Monika Voithofer lehrt und forscht am Institut für Musikwissenschaft der Universität Wien. Studium der Musikwissenschaft und Philosophie in Graz und Wien. Promotion 2021 an der Universität Graz mit einer Arbeit zur Geschichte und Ästhetik von konzeptueller Musik aus transatlantischer Perspektive (Stuttgart: Franz Steiner Verlag 2024). Längere Forschungsaufenthalte führten sie an diverse Institutionen in London, New York und Chicago. Schwerpunkte ihrer wissenschaftlichen Arbeit liegen vor allem im Bereich der Musikgeschichte und Ästhetik des 19. bis 21. Jahrhunderts. Sie ist Herausgeberin der Neuen Zeitschrift für Musik (gemeinsam mit Stefan Fricke), zudem Vorstandsmitglied u. a. in der Österreichischen Gesellschaft für Musikwissenschaft, dem Institut für Österreichische Musikdokumentation sowie der Internationalen Gesellschaft für Neue Musik.
Gundula Wilscher
„Heiter, strebsam, noch schwatzhaft und wenig Ernst. Großes Musikinteresse“. Zur musikalischen Sozialisation von Friedrich Cerha (Abstract)
Friedrich Cerha hat in schriftlichen und mündlichen Selbstzeugnissen wiederholt auf prägende musikalische Einflüsse seiner Kindheit und Jugend hingewiesen. Er nennt unter anderem regionale Musiktraditionen – etwa die slowakische Volksmusik oder die spezifische Musikpraxis des Wiener Vorstadtmilieus – aber auch nachhaltig eindrucksvolle Konzert- und Opernerlebnisse. Darüber hinaus erwähnt er konkrete musikalische Werke, die er als Geiger selbst ausführte. Über mögliche direkte Rückwirkungen dieser Erfahrungen auf sein eigenes Komponieren gibt er insbesondere in seinen Werkkommentaren Auskunft. Orientiert am Modell musikalischer Sozialisation nach Winfried Pape wird im Vortrag versucht, die bislang verstreuten Hinweise Cerhas systematisch zusammenzuführen, zu kontextualisieren und kritisch mit einschlägigem Archivmaterial aus dem Vor- und Nachlass des Komponisten abzugleichen.
Gundula Wilscher studierte Musikwissenschaft, Germanistik und Musiktherapie an der Universität Wien und an der Universität für Musik und darstellende Kunst Wien. Seit 2013 ist sie am Archiv der Zeitgenossen an der Universität für Weiterbildung Krems unter anderem für den Vor- und Nachlass von Friedrich Cerha sowie für die digitale Plattform „Cerha Online“ verantwortlich.
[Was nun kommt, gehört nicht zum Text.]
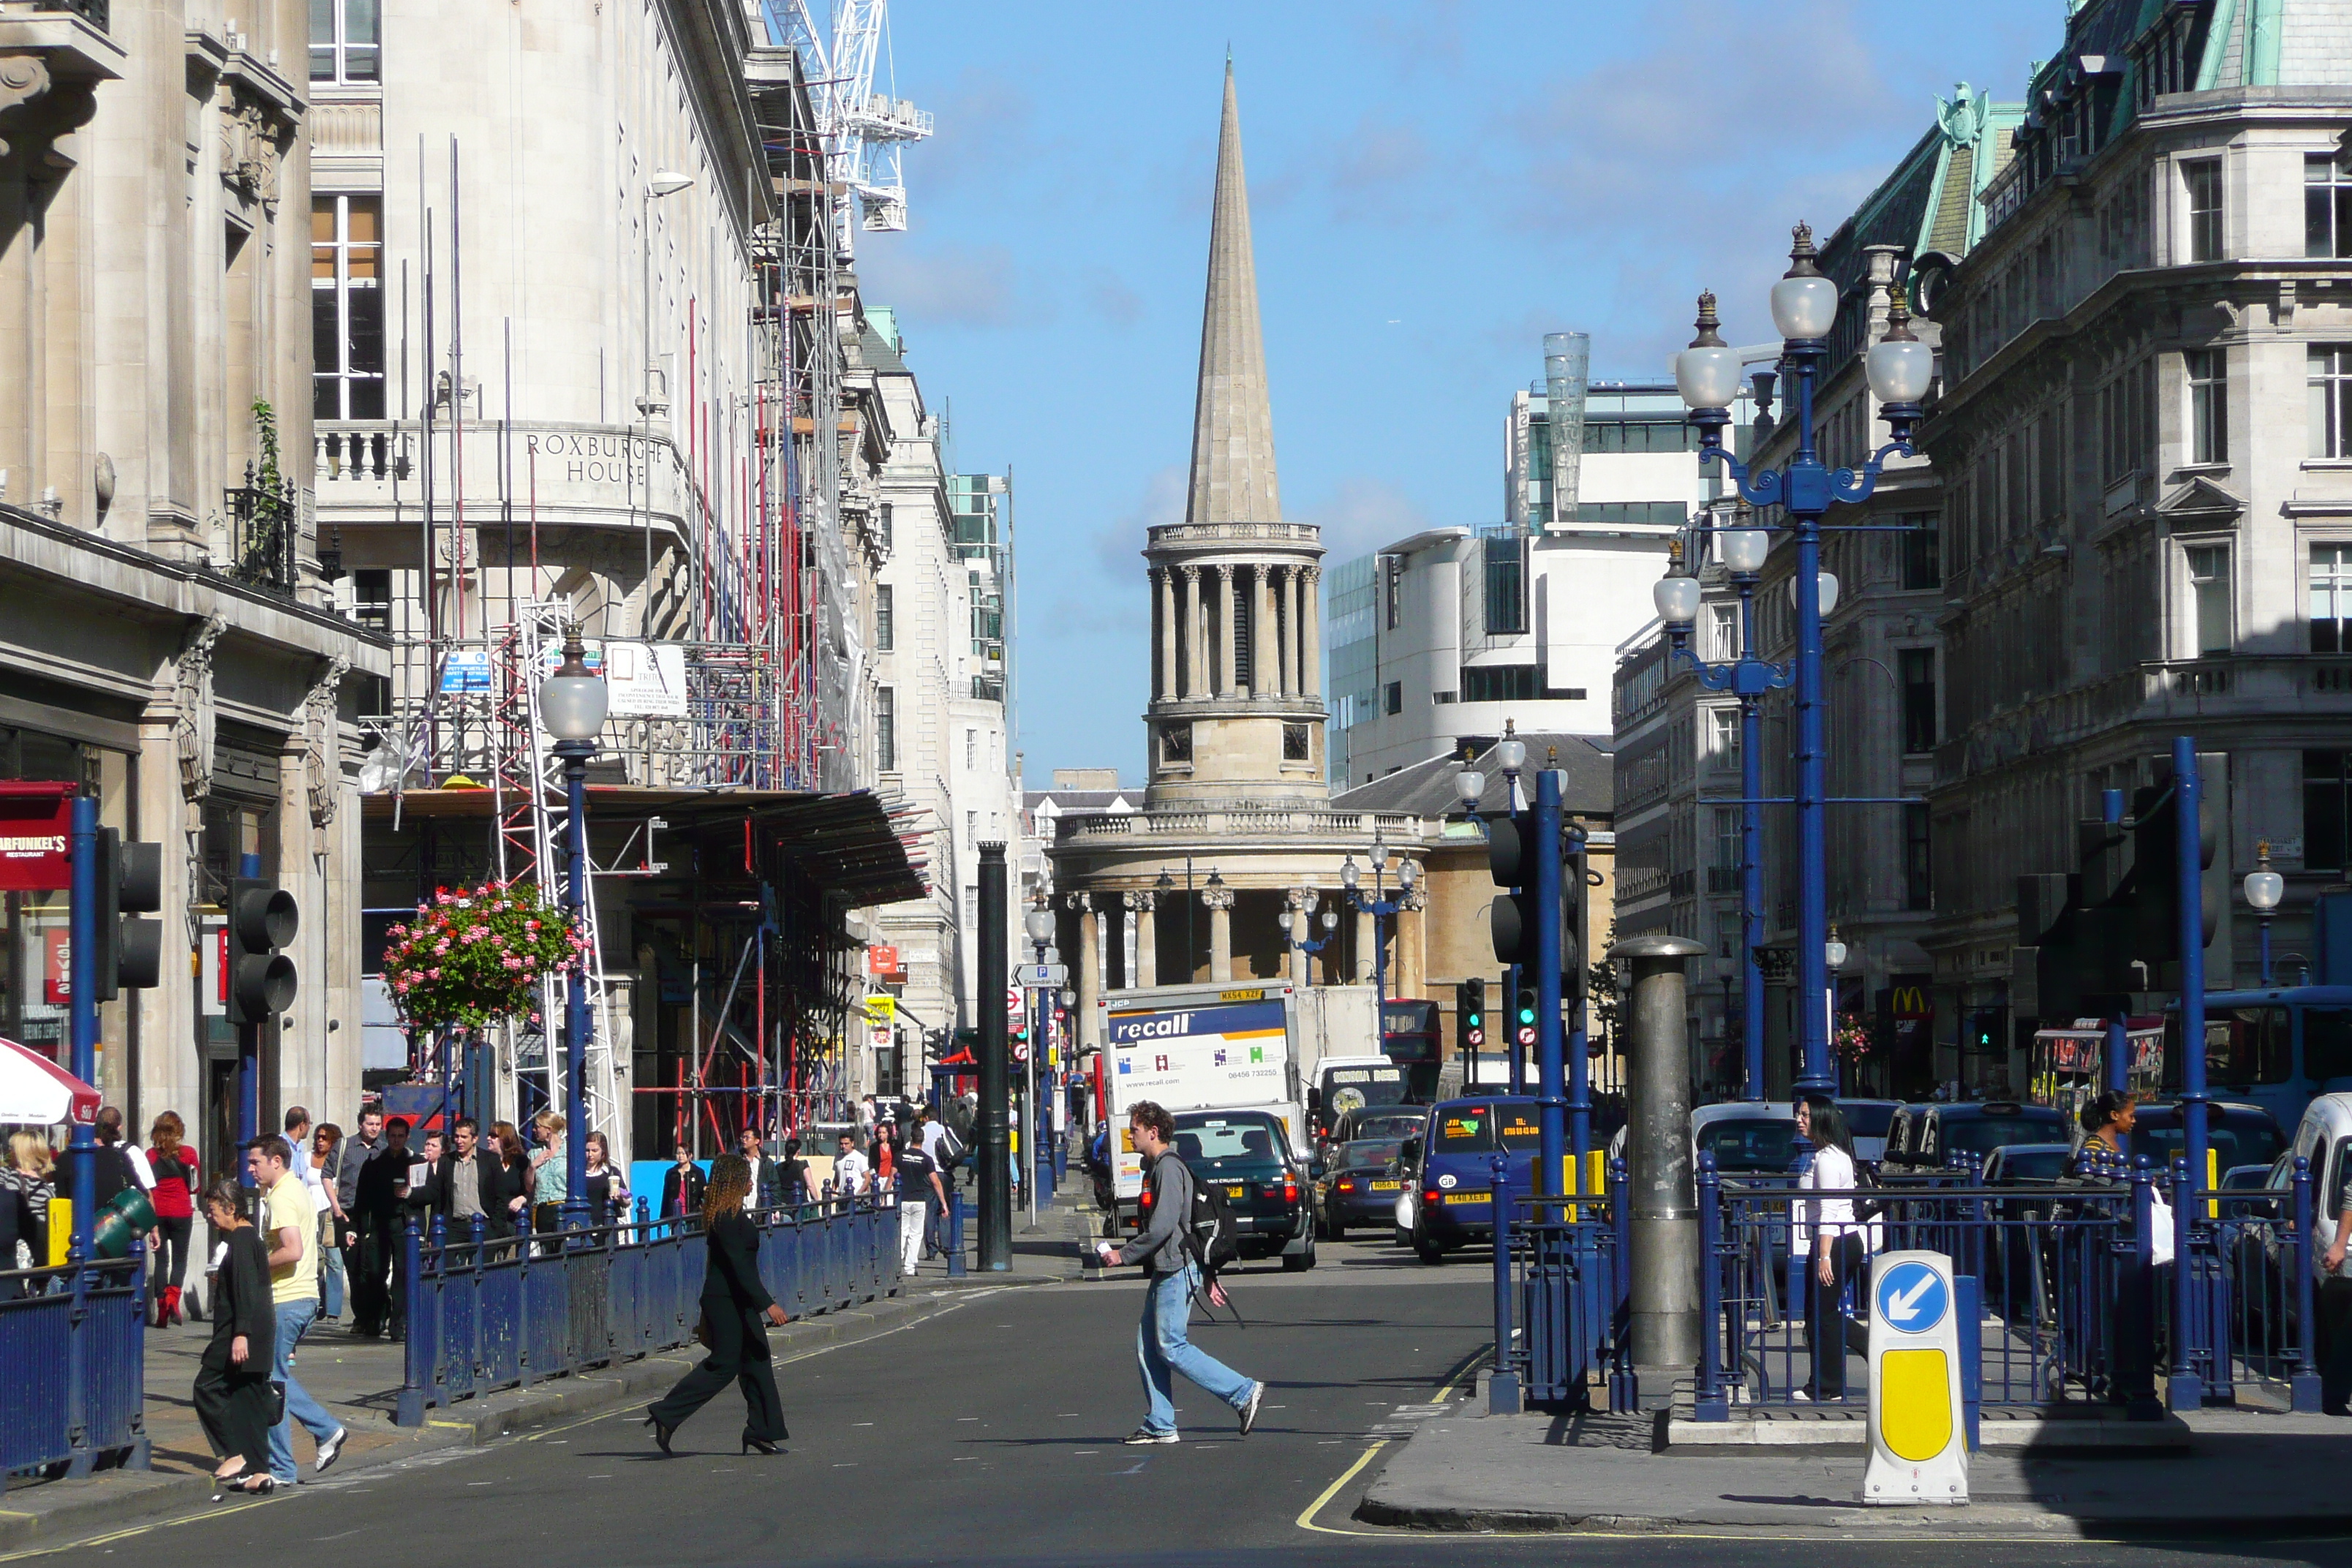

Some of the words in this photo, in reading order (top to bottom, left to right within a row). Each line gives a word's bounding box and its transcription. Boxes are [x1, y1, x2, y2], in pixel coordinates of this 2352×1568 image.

[527, 434, 662, 464] ROXBURGHE
[568, 461, 645, 486] HOUSE
[1222, 992, 1243, 1000] MX54
[1245, 990, 1261, 999] XZF
[1117, 1013, 1190, 1039] recall
[1126, 1078, 1180, 1088] www.recall.com
[1373, 1069, 1401, 1082] BEER
Ihr besonderes Forschungsinteresse gilt den individuellen wie strukturellen Bedingungen, unter denen Archivmaterialien gesammelt, erschlossen und präsentiert werden. Siehe zuletzt: Prandstätter, H./Rettenwander, S./Wilscher, G. u. a.: „‚Es ist Zeit, dass Bewegung in die Sache kommt.‘ Quantitative Erhebungen zum Genderverhältnis in der österreichischen (Kultur-)Archivlandschaft”, in: Inguglia-Höfle, A./Lorber, V./Schneider, U. (Hrsg.), Kulturarchive und Gender (= Mitteilungen aus dem Brenner-Archiv 2024), 2025.